UV/Nitrate photocatalysis for degradation of Methylene blue in wastewater: Kinetics, transformation products, and toxicity assessment

Abstract

This study explored the degradation kinetics of Methylene blue (MB) and formation of nitrated/nitrosated products via UV/NO3− during wastewater treatment. The contributions of UV irradiation, hydroxyl radical (HO⋅), and reactive nitrogen species were calculated to be approximately 6.21%, 77.86%, and 15.93%, respectively. Increasing NO3− dosage or decreasing MB concentration facilitated the degradation of MB. The removal efficiency of MB was higher under acidic conditions than that under alkaline and neutral conditions, which was ascribed to the higher HO⋅ concentration under acidic conditions. Both chloride ions (Cl−) and carbonate/bicarbonate ions (CO32−/HCO3−) had a slight effect on observed pseudo-first-order rate constants (kobs).
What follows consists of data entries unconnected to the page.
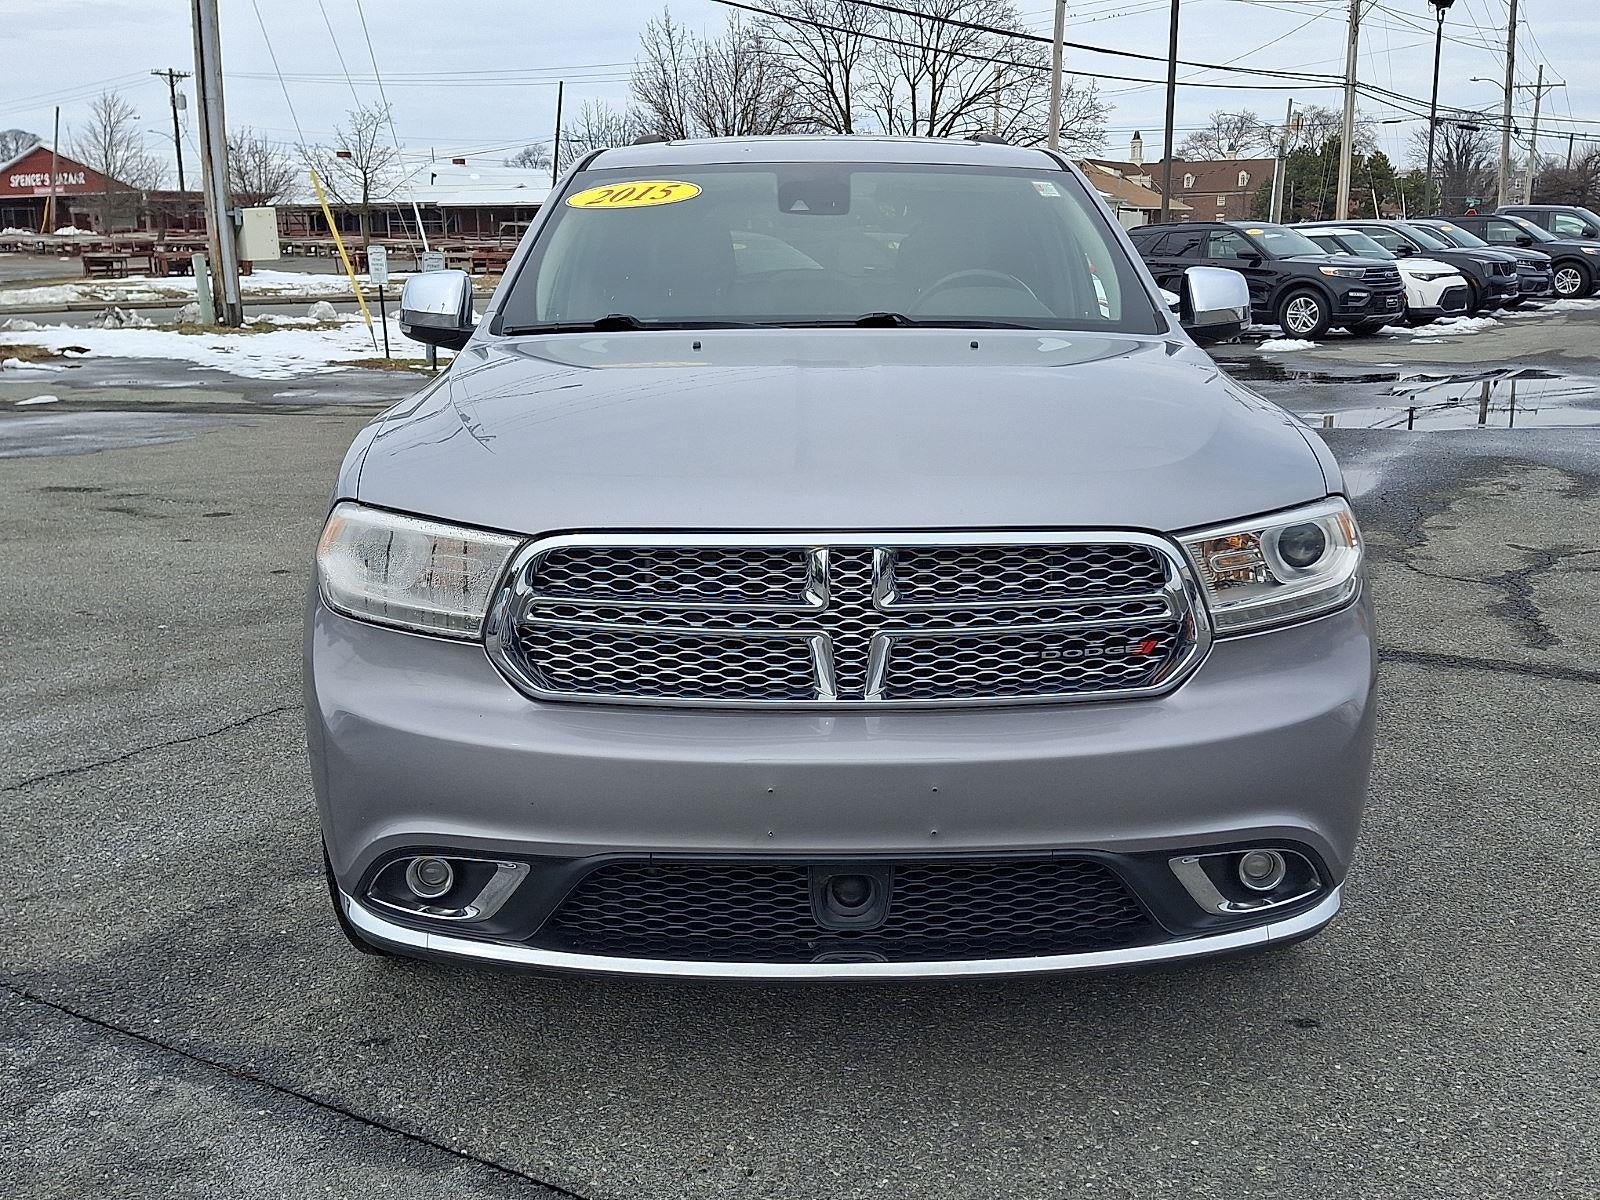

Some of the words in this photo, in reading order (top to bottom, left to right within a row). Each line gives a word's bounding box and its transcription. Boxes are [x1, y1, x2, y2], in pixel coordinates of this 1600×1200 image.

[9, 173, 50, 187] SPENCE'S
[584, 184, 681, 206] 2015
[1041, 644, 1142, 659] DODGE
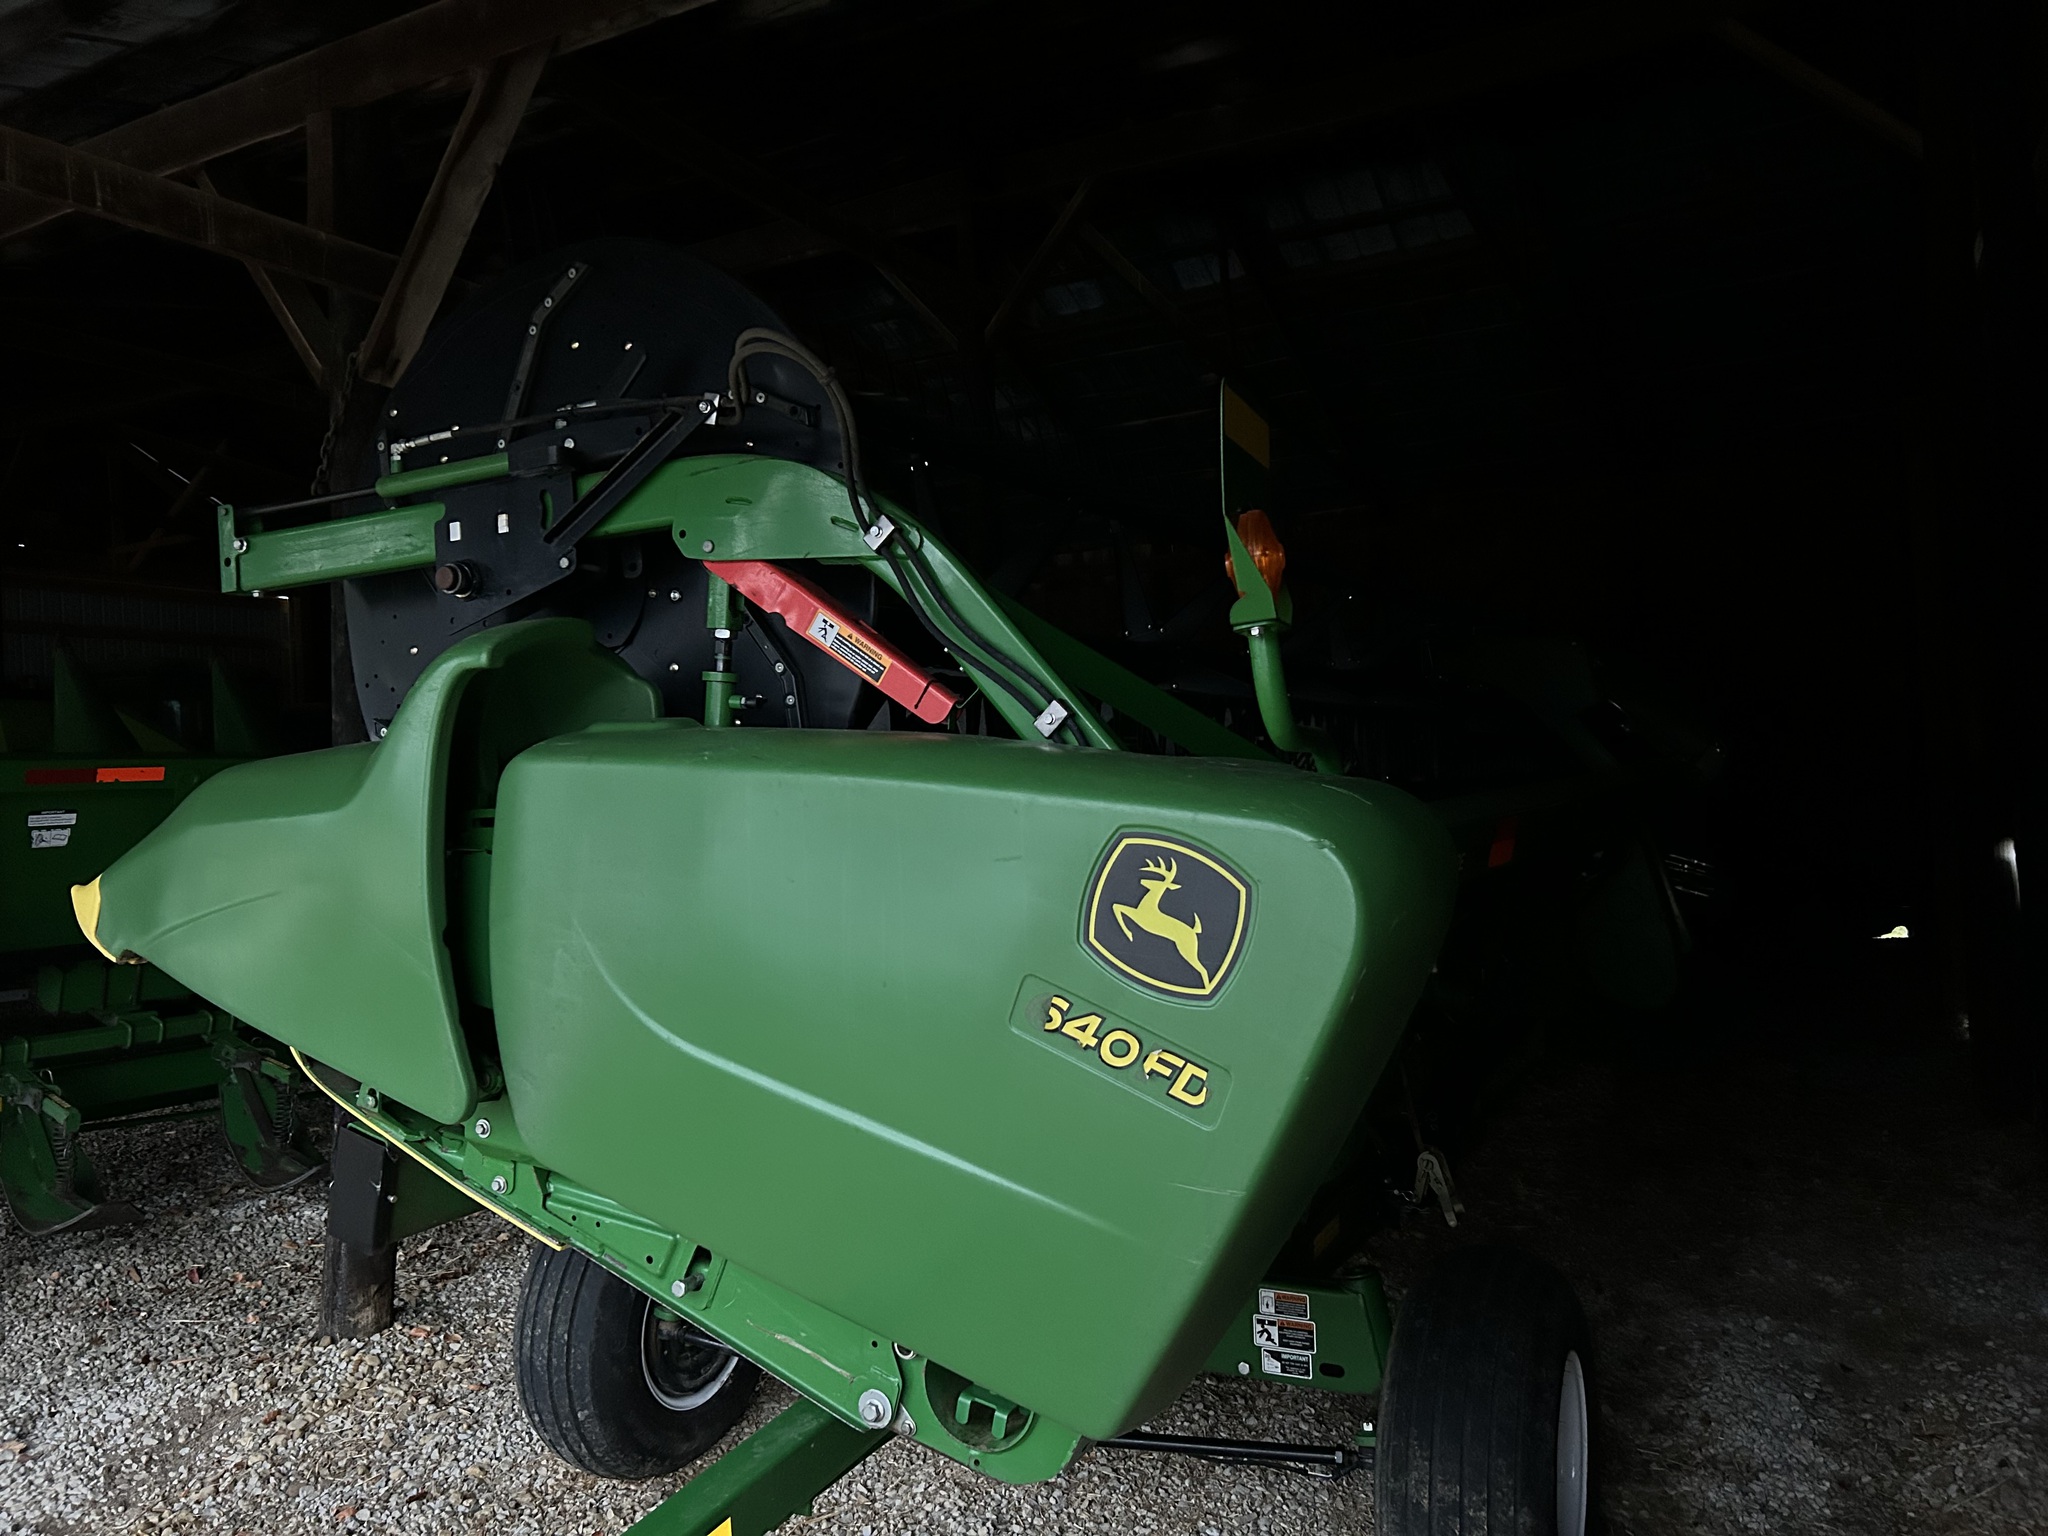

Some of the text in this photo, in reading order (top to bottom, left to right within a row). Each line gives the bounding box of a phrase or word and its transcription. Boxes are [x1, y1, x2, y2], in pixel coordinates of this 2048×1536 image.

[854, 637, 883, 661] WARNING
[1142, 1049, 1209, 1108] FD
[1281, 1295, 1306, 1303] WARNING
[1286, 1321, 1312, 1330] WARNING
[1281, 1353, 1308, 1362] IMPORTANT
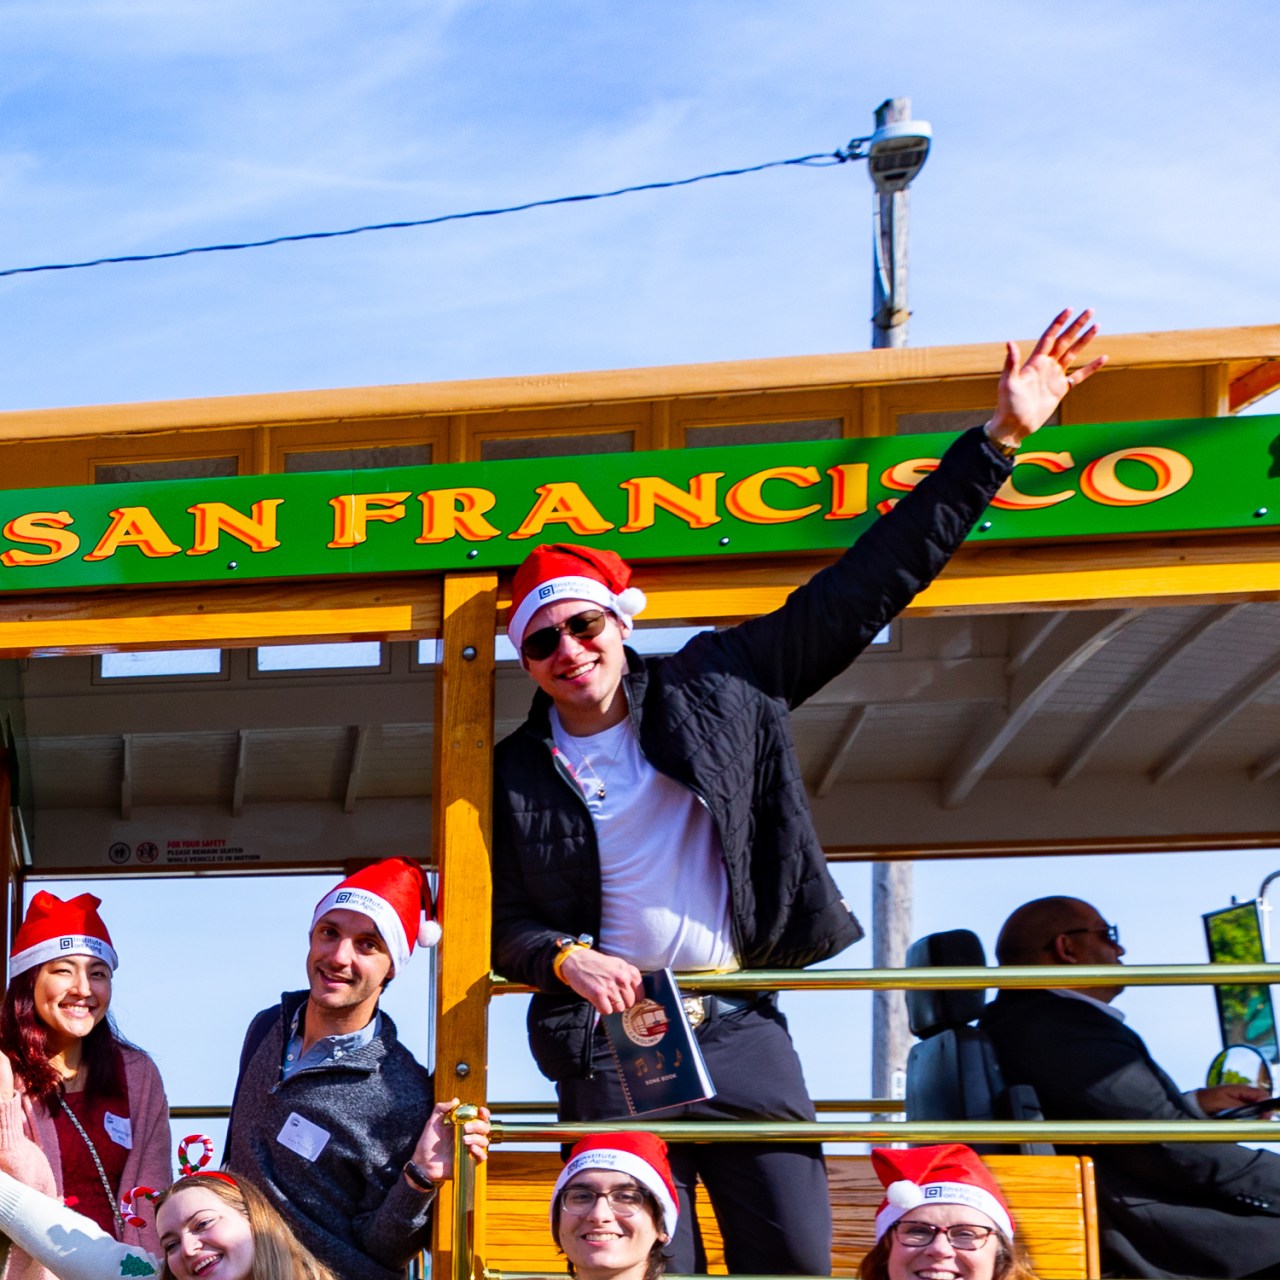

However, natural organic matters (NOM), as radical scavengers and UV-irradiation filters, notably inhibited the degradation of MB. Furthermore, the degradation intermediates/products and transformation pathway of MB in UV/NO3− were clarified. Results indicated that nitrated/nitrosated products were more likely to be produced by coupling reactions and electrophilic addition. Fortunately, no significant enhancement in acute toxicity towards Vibrio fischeri was found during the degradation of MB by UV/NO3−. MB could be degraded effectively in different real water, which indicated that UV/NO3− system should be a good alternative for the degradation of pollutants.